TASK REQUIREMENTS -> Return the data. Every word must match.

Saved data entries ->
● ● ● ●
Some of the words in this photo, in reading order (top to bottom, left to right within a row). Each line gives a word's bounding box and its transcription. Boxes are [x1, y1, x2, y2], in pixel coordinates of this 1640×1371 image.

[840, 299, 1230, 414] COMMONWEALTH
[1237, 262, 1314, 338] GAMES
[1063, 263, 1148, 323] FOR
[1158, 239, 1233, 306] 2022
● ● ● ●
EXERCISE SOLUTION ->
Some of the words in this photo, in reading order (top to bottom, left to right within a row). Each line gives a word's bounding box and its transcription. Boxes are [x1, y1, x2, y2], in pixel coordinates of this 1640×1371 image.

[840, 299, 1230, 414] COMMONWEALTH
[1237, 262, 1314, 338] GAMES
[1063, 263, 1148, 323] FOR
[1158, 239, 1233, 306] 2022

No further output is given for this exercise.